Spatial localization data:
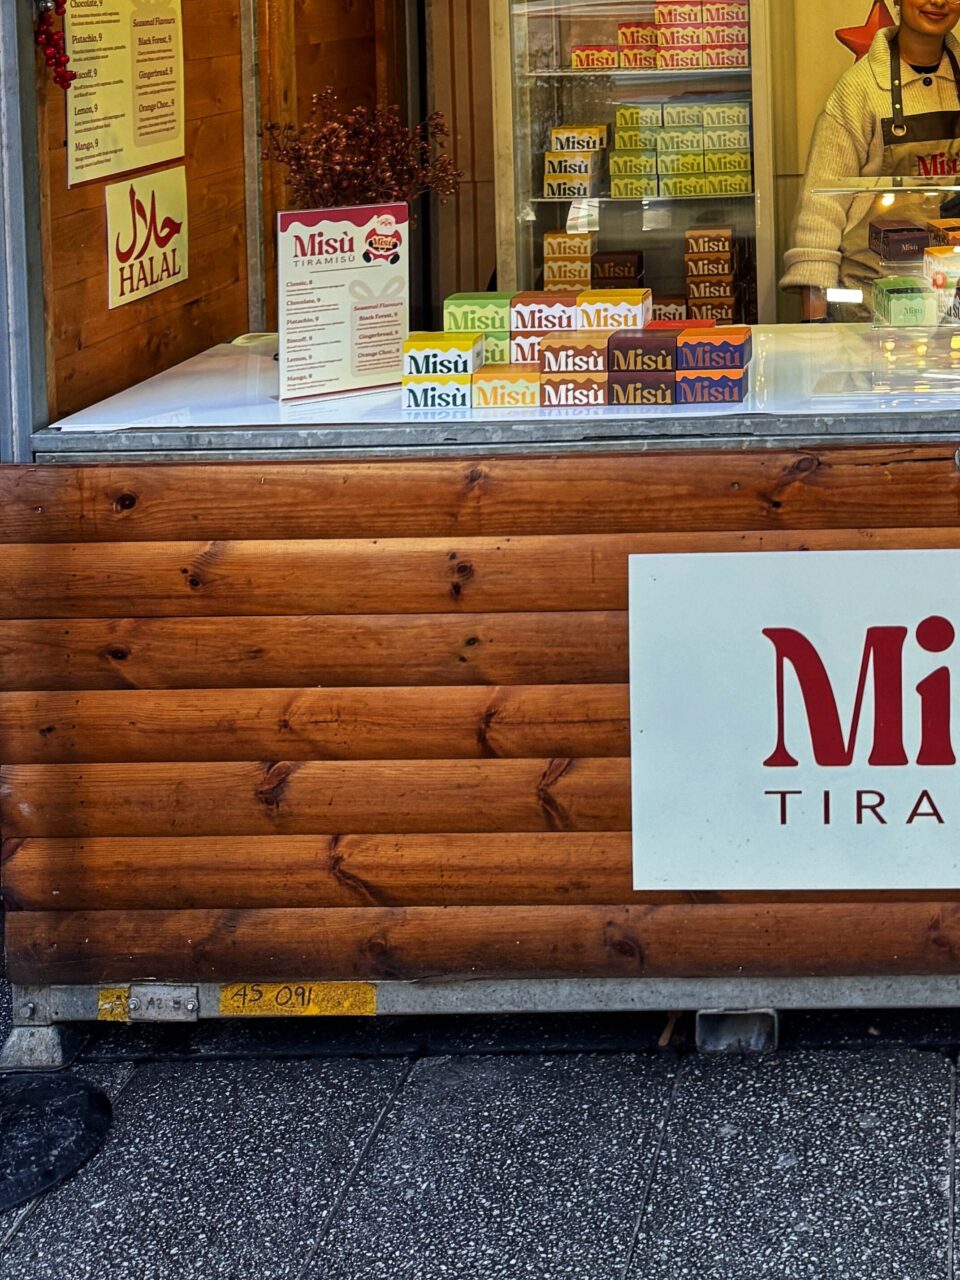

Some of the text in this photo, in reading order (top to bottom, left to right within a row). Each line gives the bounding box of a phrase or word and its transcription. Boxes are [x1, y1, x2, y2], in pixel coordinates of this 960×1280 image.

[658, 8, 698, 23] Misù
[705, 6, 746, 21] Misù
[660, 30, 700, 45] Misù
[705, 29, 746, 44] Misù
[575, 53, 615, 67] Misù
[660, 53, 700, 67] Misù
[705, 51, 746, 66] Misù
[555, 135, 597, 150] Misù
[548, 159, 588, 174] Misù
[546, 182, 587, 197] Misù
[293, 230, 355, 258] Misù
[547, 241, 588, 256] Misù
[688, 237, 729, 252] Misù
[293, 254, 355, 267] TIRAMISÙ
[688, 260, 729, 275] Misù
[118, 248, 181, 297] HALAL
[547, 264, 588, 279] Misù
[689, 282, 731, 298] Misù
[447, 310, 506, 330] Misù
[515, 308, 572, 329] Misù
[580, 308, 638, 328] Misù
[408, 353, 468, 374] Misù
[543, 349, 604, 372] Misù
[612, 348, 672, 370] Misù
[682, 345, 740, 368] Misù
[406, 386, 466, 408] Misù
[476, 385, 536, 406] Misù
[543, 383, 604, 405] Misù
[612, 382, 672, 404] Misù
[680, 380, 739, 402] Misù
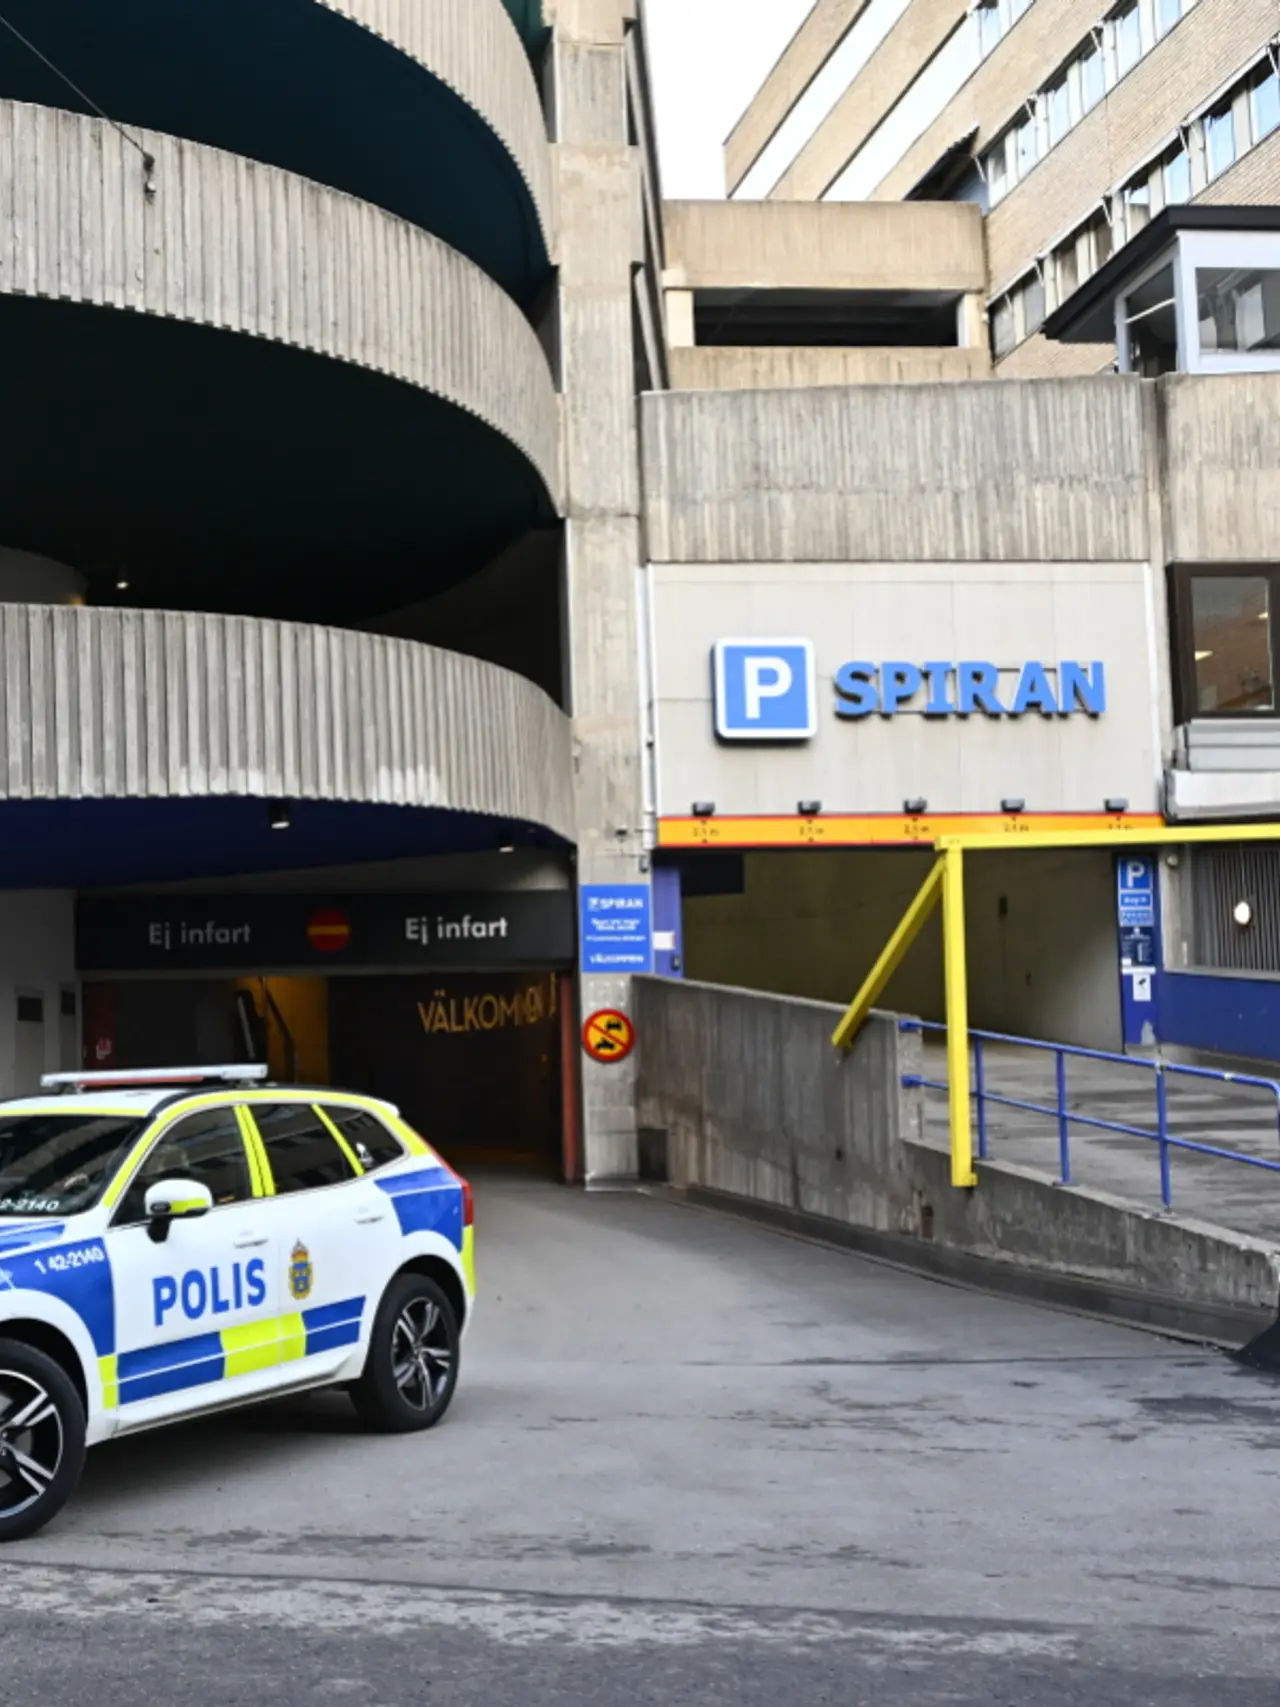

§ **Work item**:
Each entry above should be restated word for word, though no picture may appear in the copy.

§ **Solved problem**:
Some of the text in this photo, in reading order (top to bottom, left to right within a row). Each line gives the bounding box of a phrase or word and its transcription. Boxes are [x1, y1, x2, y2], in pixel coordinates of this 960×1280 image.

[658, 8, 698, 23] Misù
[705, 6, 746, 21] Misù
[660, 30, 700, 45] Misù
[705, 29, 746, 44] Misù
[575, 53, 615, 67] Misù
[660, 53, 700, 67] Misù
[705, 51, 746, 66] Misù
[555, 135, 597, 150] Misù
[548, 159, 588, 174] Misù
[546, 182, 587, 197] Misù
[293, 230, 355, 258] Misù
[547, 241, 588, 256] Misù
[688, 237, 729, 252] Misù
[293, 254, 355, 267] TIRAMISÙ
[688, 260, 729, 275] Misù
[118, 248, 181, 297] HALAL
[547, 264, 588, 279] Misù
[689, 282, 731, 298] Misù
[447, 310, 506, 330] Misù
[515, 308, 572, 329] Misù
[580, 308, 638, 328] Misù
[408, 353, 468, 374] Misù
[543, 349, 604, 372] Misù
[612, 348, 672, 370] Misù
[682, 345, 740, 368] Misù
[406, 386, 466, 408] Misù
[476, 385, 536, 406] Misù
[543, 383, 604, 405] Misù
[612, 382, 672, 404] Misù
[680, 380, 739, 402] Misù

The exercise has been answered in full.